CFD Simulation for LEED Design of Two-Story Multipurpose Building
The objective of this analysis was to develop a realistic computational fluid dynamics (CFD) model of the Parks RFTA Army Reserve building (a large, two-story multipurpose building) under winter and summer operating conditions. The client wanted to leverage our CFD consulting expertize to verify the novel LEED design prior to construction. This required that the CFD simulation to capture the air flow and temperature distribution throughout the building under summer and winter conditions.
What made this building special was the fact that heating, cooling and ventilation where driven by natural convection. This building was designed around a LEED passive energy system. The large concrete dividing wall was exposed to a south facing atrium. The sunlight would pass through the atrium windows, heat the concrete wall and the natural convections would drive air currents through the building. As hot air escaped through the vents at the top of the atrium, cool air was pulled in through the vents on ground level. This green energy concept was verified using CFD simulation results. Interesting enough, the thermal plume from this atrium created sufficiently strong convective currents within the office environments to lower the standard effective temperature (SET). This improved thermal comfort index demonstrated several of the benefits of the LEED construction technique used in the multipurpose two story building.

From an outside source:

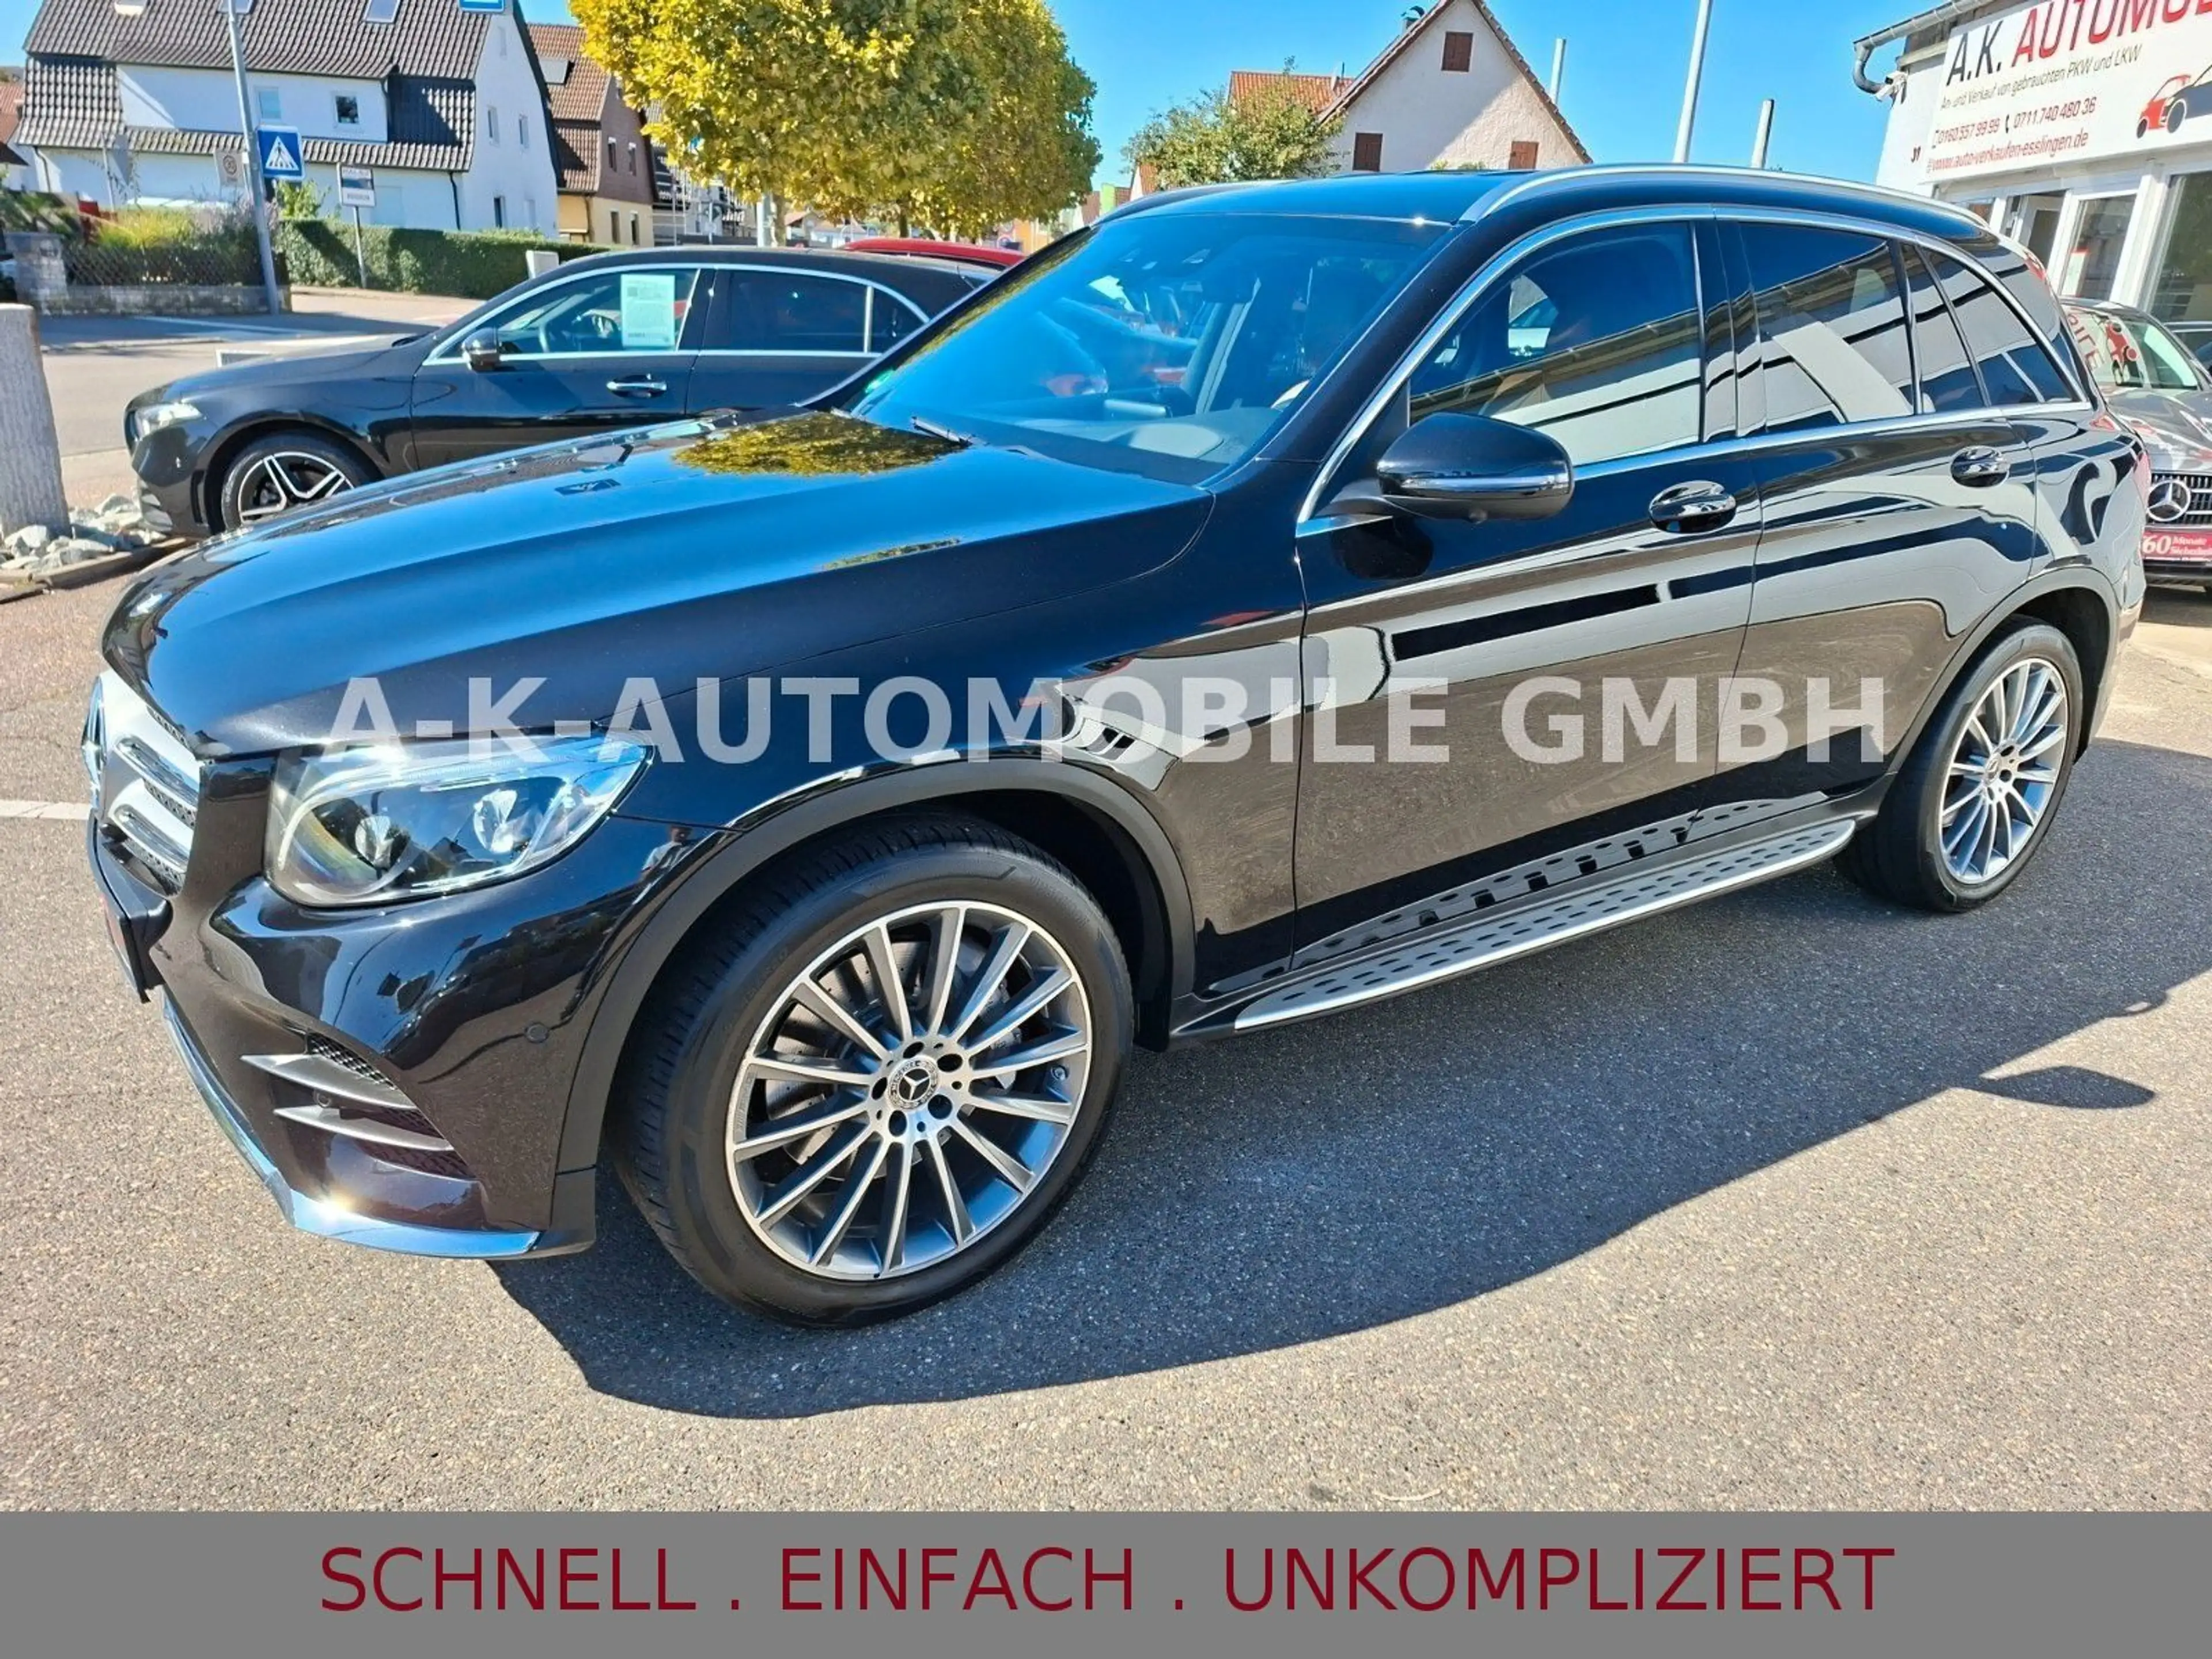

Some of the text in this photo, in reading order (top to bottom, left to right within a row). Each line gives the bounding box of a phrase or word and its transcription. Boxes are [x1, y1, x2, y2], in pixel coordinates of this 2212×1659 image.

The CFD simulation results from this analysis provided the client with temperature, air velocity, and flow path throughout the building. This analysis demonstrated that the LEED passive energy design would be effective and if implemented in combination with other energy saving techniques, the building could achieve net zero energy consumption. As CFD consultants, this project represents just one of many similar efforts we have done to manage energy in large buildings with successful results. If this subject is of interest, the reader may look at:
Figure 1: CAD Geometry of the LEED designed multipurpose building used as the starting point for the CFD simulation model
Figure 2: The CFD simulation model with inlets and outlets at windows and vents.
The walls and roofs have been removed and heat transfer to the surrounding air is captured by adjusting the heat transfer coefficient to account for the R-value of the insulation. Wind effects were also incorporated into the model by calculating the appropriate film coefficient for winter and summer conditions.
Figure 3: Air flow velocity traces were made throughout the building via section-cuts.
As the hot air exits the atrium, cool air is drawn in from the outside through the lower level windows and vents. This simulation results was of particular importance to the client since it demonstrated the ability of the LEED design to achieve a lower SET factor via a strong air current within the office environment.
Figure 4: CFD simulation results showing the temperature gradient within the office environment
Acceptable temperature levels were achieved using the LEED design and the client was able to get acceptance from the owner of the building to move forward with construction.